Ma il testo ci suggerisce ancora di più. Filemone aveva schiavi (vedi Onesimo più avanti), che avrebbero avuto senso solo se in quella casa grande e ricca ci fossero più di tre componenti parentali. Probabilmente le cose stanno proprio così: Filemone e suo figlio Archippo erano i conduttori di una chiesa domestica in Colosse formata essenzialmente da tutta la famiglia di Filemone, che comprendeva sua moglie Apfia, suo figlio Archippo e probabilmente altri figli e figlie e tutta, o quasi tutta, la schiavitù³. Certamente a questi si aggiungevano in un secondo tempo anche altri non della famiglia. Accadeva proprio così! Ricordate Lidia, credette e “dopo…fu battezzata con la sua famiglia…”, o il carceriere di Filippi che dopo aver creduto “…fu battezzato lui con tutti i suoi” (Atti 16:15,34). Qui “la sua famiglia” e “tutti i suoi” nel greco indica: tutti quelli che facevano parte della casa in ogni ruolo∗.

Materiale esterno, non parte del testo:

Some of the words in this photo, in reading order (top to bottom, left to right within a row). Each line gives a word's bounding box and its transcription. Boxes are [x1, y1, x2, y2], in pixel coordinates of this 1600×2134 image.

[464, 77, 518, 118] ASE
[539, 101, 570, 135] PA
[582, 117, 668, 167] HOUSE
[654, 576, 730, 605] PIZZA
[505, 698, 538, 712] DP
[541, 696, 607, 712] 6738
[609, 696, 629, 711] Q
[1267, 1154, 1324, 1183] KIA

La domanda sorge spontanea: perchè oggi non potrebbe funzionare ancora?

 

Dove voglio parare?

E se il coronavirus facendoci disertare obbligatoriamente i nostri locali di culto ci facesse riscoprire il concetto di Chiesa domestica del nuovo testamento! Non sono affatto contrario ai locali, anzi io stesso sono pastore di una chiesa che ha un bel locale di culto. Ma il senso di frustrazione mi assale quando intuisco che non si sa fare un distinguo tra il contenuto e il contenitore e cioè tra l’essenziale e il superfluo. O quando so di conduttori (pastori, preti ecc..) che si aggrappano ai mattoni quasi fossero magici o sacri; o di credenti che non possono, per nessun motivo, fare a meno del loro locale di culto; o di quelli che non riescono a trovare comunione in nessun altro posto se non in quello abituè, o quando per andare a fare un culto sono disposti a farsi 400 km in auto per trovarne uno ancora aperto. Questo non è zelo ma solo cattiva ecclesiologia! Ed io in quanto pastore recito la mia parte del “mea culpa”.

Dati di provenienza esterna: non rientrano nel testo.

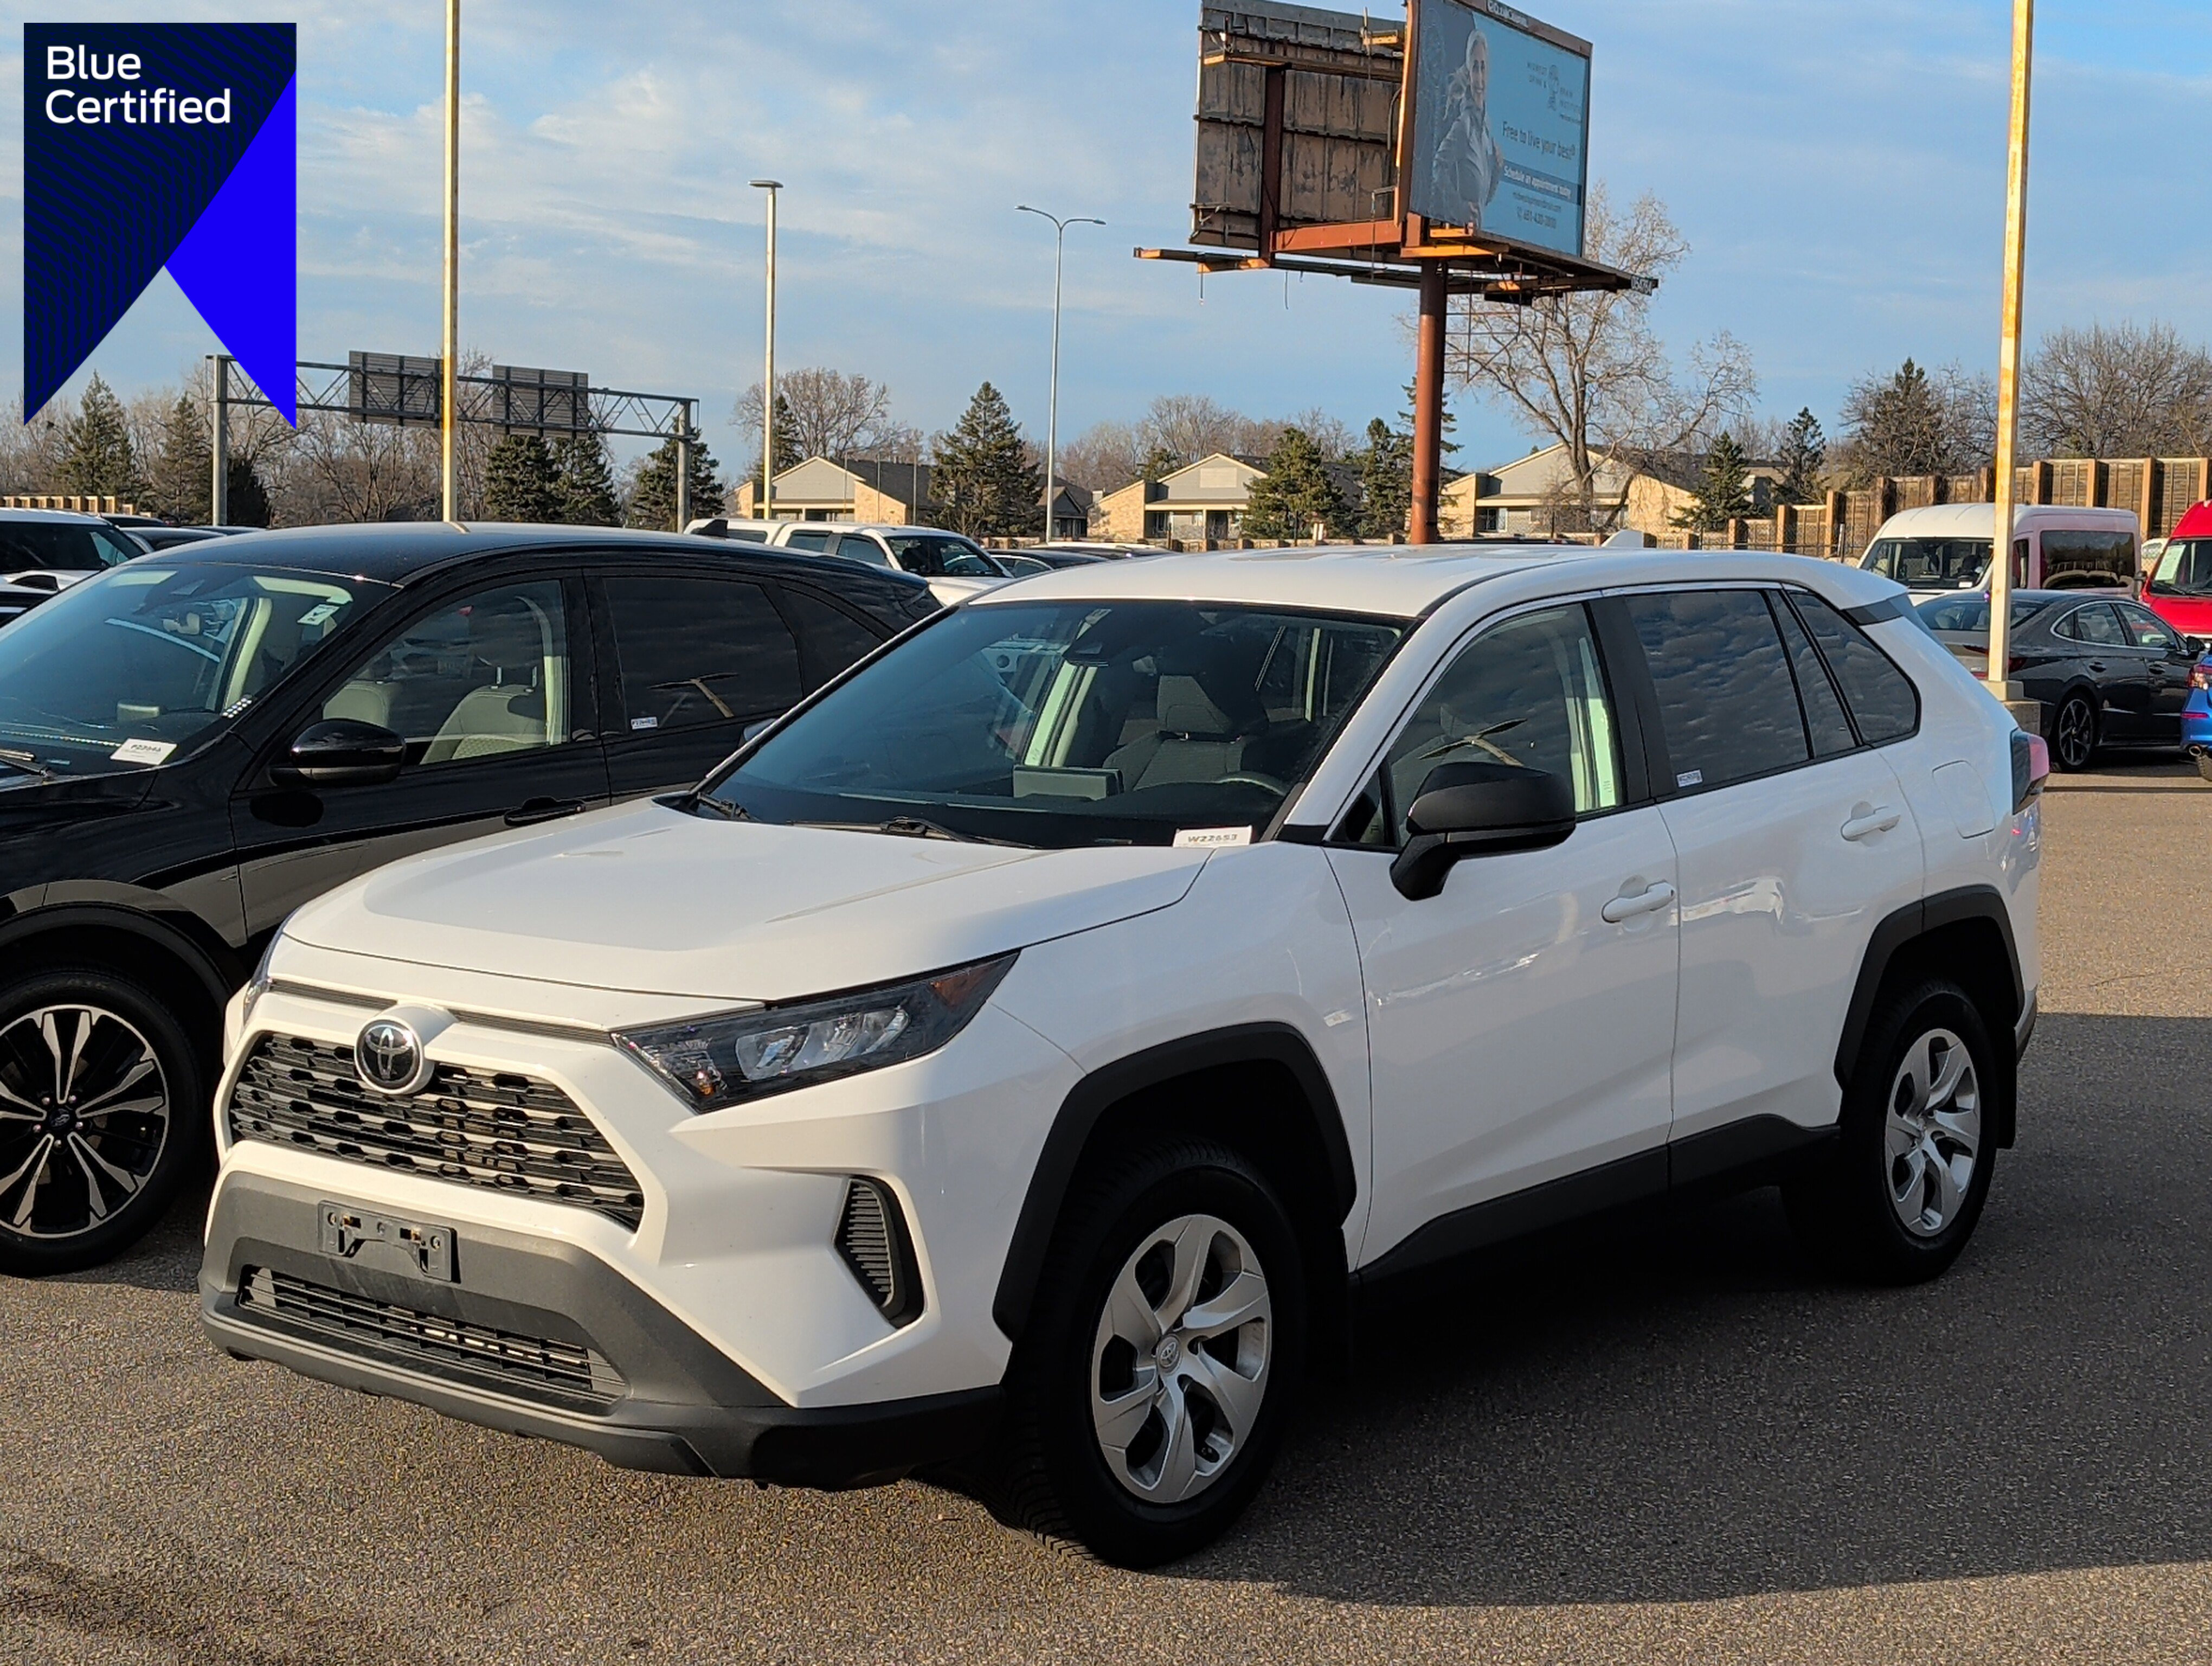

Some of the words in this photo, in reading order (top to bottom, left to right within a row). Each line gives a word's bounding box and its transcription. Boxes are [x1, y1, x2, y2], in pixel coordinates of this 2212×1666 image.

[1502, 121, 1517, 142] Free
[1519, 129, 1527, 144] to
[1528, 130, 1540, 149] live
[1541, 138, 1556, 155] your

Forse è arrivato il momento, in questi tempi incerti e confusi, di spiegare bene al popolo che il locale di culto, benché utile e comodo, non è né la chiesa, né la casa di Dio, ma solo uno dei suoi possibili contenitori, e per di più postumo. Che le domus ecclesiae biblicamente non sono ripieghi. Bisogna spiegare loro che si è cristiani anche a casa, e da lì si può offrire un culto completo e altrettanto accettevole.

Ora le famiglie di credenti sono state costretti dall’epidemia, loro malgrado, a riscoprire questa preziosa verità e a diventare, o ridiventare, pionieri delle loro comunità più allargate, cioè quelle che noi oggi chiamiamo esclusivamente ed erroneamente CHIESA.

 

Ma guarda un pò…il coronavirus ci ha fatto riaprire le nostre bibbie, le nostre teologie intonse e i nostri vecchi libri di storia.

 

 

Note

¹Vedi G.Rinaldi, Cristianesimi nell’antichità, Gbu

²Vedi i commentari di J. Lightfoot; F.F Bruce; D.J.Moo.

³Per il concetto di responsabilità religiosa dello schiavo verso il padrone, vedi J,S.Jeffers, The Greco-Roman World of the New Testament Era, IVP.

∗Vedi, Newman, B. M., & Nida, E. A.  A handbook on the Acts of the Apostles, United Bible Societies.; G Schneider, Gli Atti degli apostoli, Paideia.